Officials on both sides of the border have begun taking tentative steps to stem the flow of dirty money. For Instance, last year Calderon proposed anti-laundering legislation, after earlier announcing restrictions on cash transactions in Mexico that used U.S. dollars.
The evolving anti-laundering campaign could change the tone of the government's military-led crime crusade by striking at the heart of the cartels' financial empire, analysts say. But the effort will have to overcome a longtime lack of political will and poor coordination among Mexican law enforcement agencies that have only aggravated the complexity of the task at hand now.
"If you don't take away their property, winning this war is impossible," said Sen. Ricardo Garcia Cervantes of the Senate security committee and Calderon's conservative National Action Party. "You are not going to win this war with bullets."
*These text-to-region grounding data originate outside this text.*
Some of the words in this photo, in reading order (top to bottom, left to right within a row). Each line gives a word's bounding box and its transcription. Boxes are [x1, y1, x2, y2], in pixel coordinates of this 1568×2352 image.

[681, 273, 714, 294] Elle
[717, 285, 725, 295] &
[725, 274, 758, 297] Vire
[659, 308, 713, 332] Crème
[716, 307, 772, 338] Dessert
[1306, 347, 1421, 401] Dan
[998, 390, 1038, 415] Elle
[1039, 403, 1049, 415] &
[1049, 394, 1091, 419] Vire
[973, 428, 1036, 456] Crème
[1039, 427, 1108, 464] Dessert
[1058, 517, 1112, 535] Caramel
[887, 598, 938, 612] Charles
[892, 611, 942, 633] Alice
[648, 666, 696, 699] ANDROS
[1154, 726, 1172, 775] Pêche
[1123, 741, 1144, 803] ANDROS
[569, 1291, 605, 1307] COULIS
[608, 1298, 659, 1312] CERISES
The good news for Mexican and Colombian traffickers is that drug sales in the United States generate enormous income, nearly all of it in readily spendable cash. The bad news is that this creates a towering logistical challenge: getting the proceeds back home to pay bills, buy supplies — from guns to chemicals to trucks — and build up the cartels' empires without detection.
Laundering allows traffickers to disguise the illicit earnings as legitimate through any number of transactions, such as cash transfers, big-ticket purchases, currency exchanges and deposits.
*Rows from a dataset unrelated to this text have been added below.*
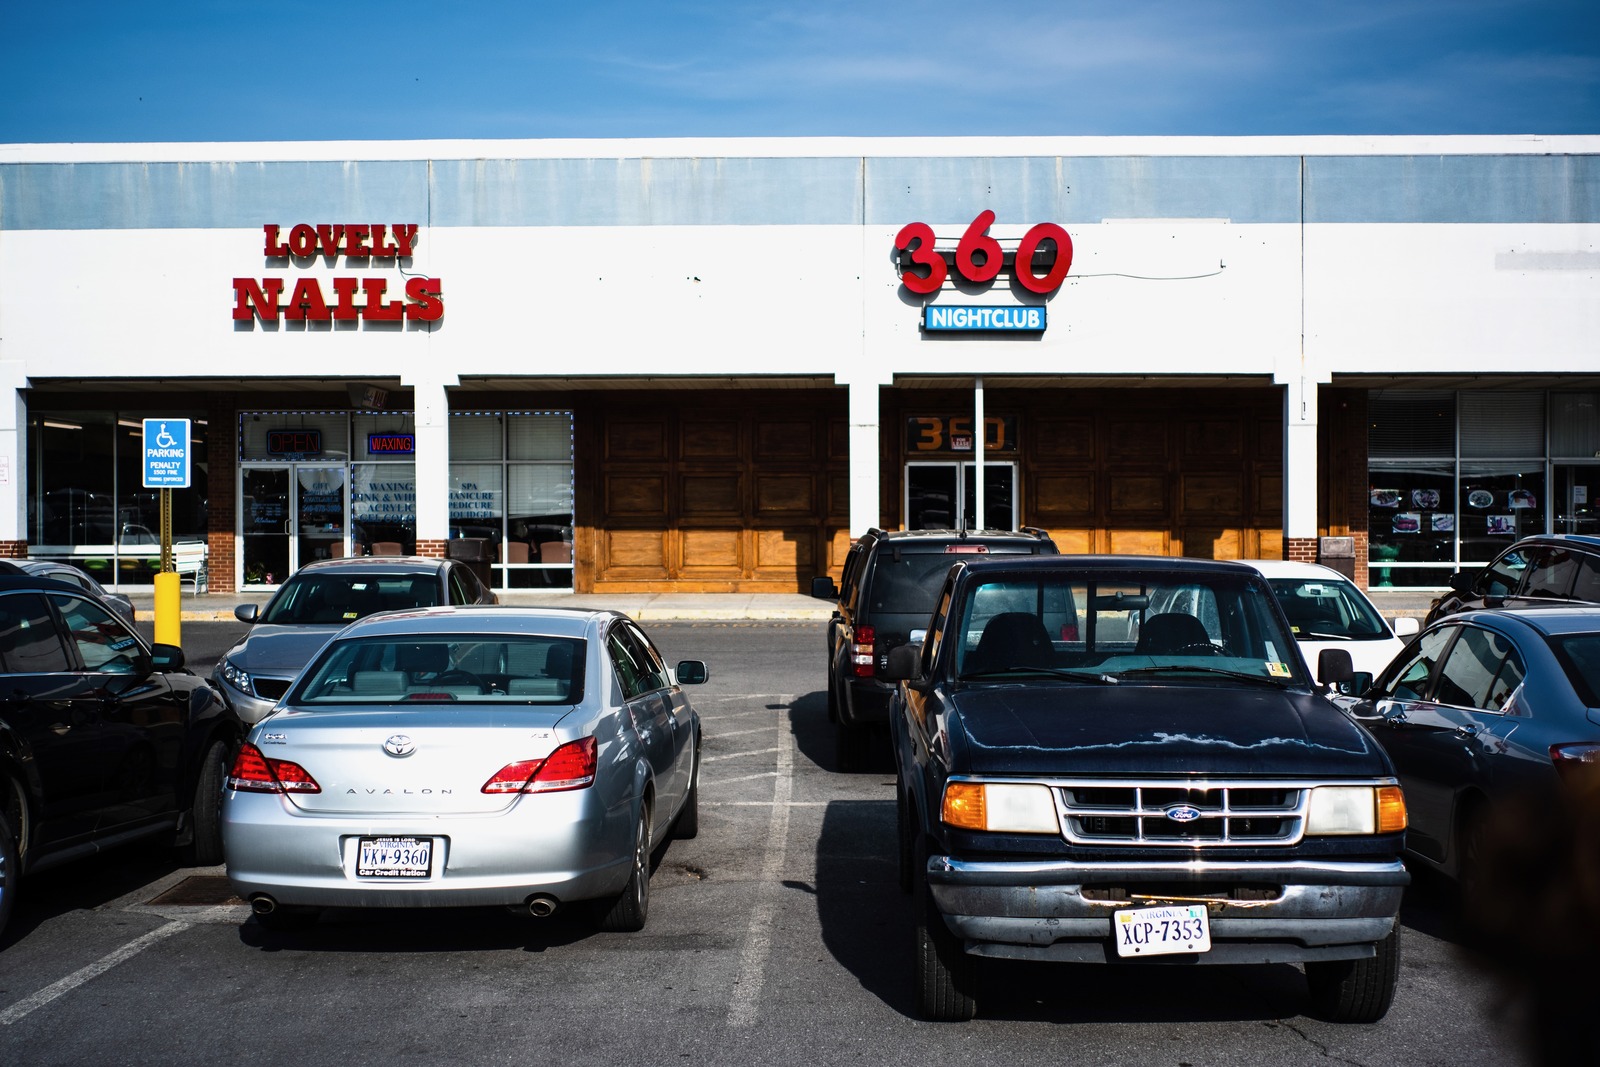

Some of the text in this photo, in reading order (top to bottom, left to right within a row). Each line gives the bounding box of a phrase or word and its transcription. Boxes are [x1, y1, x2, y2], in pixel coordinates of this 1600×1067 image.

[264, 223, 418, 256] LOVELY
[895, 210, 1073, 293] 360
[233, 277, 444, 321] NAILS
[932, 308, 1040, 328] NIGHTCLUB
[270, 433, 318, 452] OPEN
[371, 437, 411, 450] WAXING
[147, 449, 184, 457] PARKING
[369, 482, 413, 491] WAXING
[354, 493, 416, 502] PINK & WHI
[368, 504, 416, 512] ACRYLIC
[384, 514, 415, 523] COLO
[1173, 810, 1193, 818] Ford
[363, 848, 428, 865] VKW-9360
[1140, 910, 1183, 919] VIRGINIA
[1122, 918, 1204, 945] XCP-7353
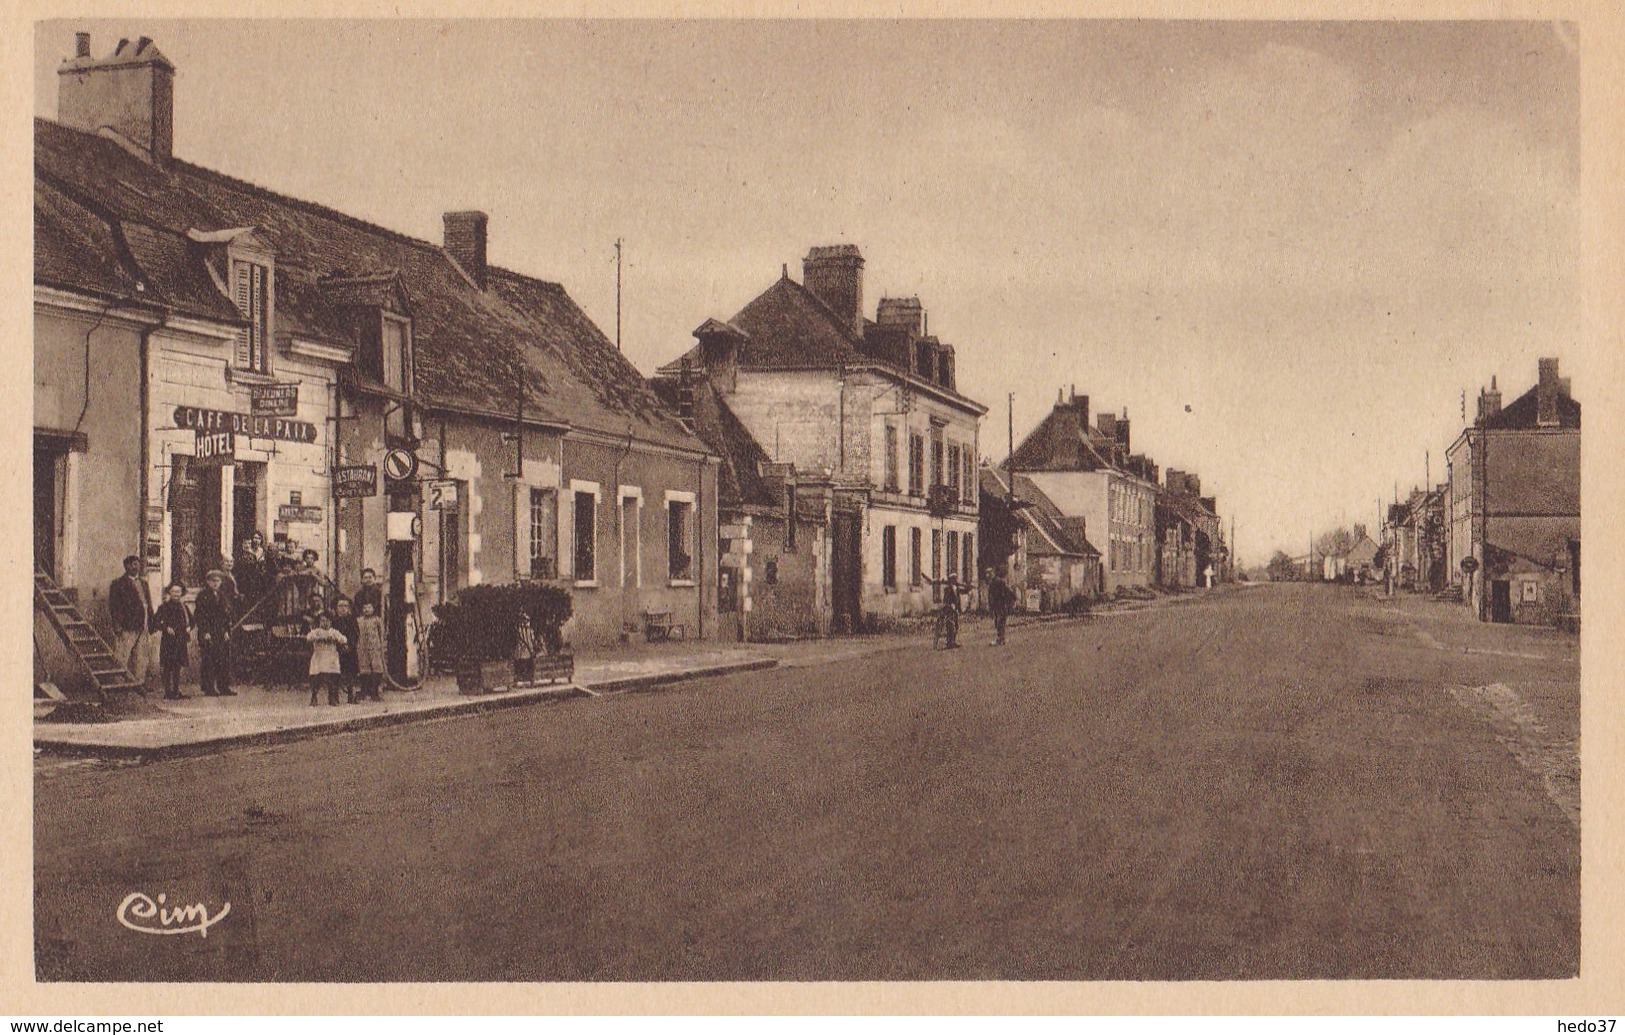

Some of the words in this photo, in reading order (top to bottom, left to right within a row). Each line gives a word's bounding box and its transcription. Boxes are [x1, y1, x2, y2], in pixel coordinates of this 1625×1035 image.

[232, 415, 249, 433] DE
[254, 417, 270, 436] LA
[276, 420, 307, 440] PAIX
[196, 431, 233, 459] HÔTEL
Much of that money still makes its way back into Mexico the old-fashioned way: in duffels stuffed into the trunks of cars. But Mexican drug traffickers are among the world's most savvy entrepreneurs, and launderers have proved nimble in evading authorities' efforts to catch them, adopting a host of new techniques to move the ill-gotten wealth.
For example, Mexican traffickers are taking advantage of blind spots in monitoring the nearly $400 billion of legal commerce between the two countries. The so-called trade-based laundering allows crime groups to disguise millions of dollars in tainted funds as ordinary merchandise — say, onions or precious metals, as they are trucked across the border.
In one case, the merchandise of choice was tons of polypropylene pellets used for making plastic. Exports of the product from the United States to Mexico appeared legitimate, but law enforcement officials say that by declaring a slightly inflated value, traders were able to hide an average of more than $1 million a month, until suspicious banks shut down the operation.
The inventive ploys even include gift cards, such as the kind you get your nephew for graduation. A drug-trafficking foot soldier simply loads up a prepaid card with dollars and walks across the border without having to declare sums over the usual $10,000 reporting requirement, thus carrying a car trunk's worth of cargo in his wallet.
Tainted cash is almost everywhere. In western Mexico, a minor-league soccer club known as the Raccoons was part of a sprawling cross-border empire — including car dealerships, an avocado export firm, hotels and restaurants — that U.S. officials said was used by suspect Wenceslao Alvarez to launder money for the Gulf cartel. Alvarez was arrested by Mexican authorities in 2008 in a rare blow against laundering and remains in prison while fighting the charges.
Even the most unlikely street-corner businesses may be used to scrub money. A pair of tanning salons in the western state of Jalisco were among 225 properties seized from drug suspect Sandra Avila Beltran, the so-called Queen of the Pacific and one of the few women allegedly to reach upper cartel echelons.
Avila, arrested in 2007, is still behind bars on the money-laundering charges as she also fights extradition to the U.S., but she has been exonerated of organized-crime and weapons charges.
The salons, with their all-cash, high-volume turnover, were allegedly used to hide drug money. The chain, called Electric Beach, has outlets all over Mexico City.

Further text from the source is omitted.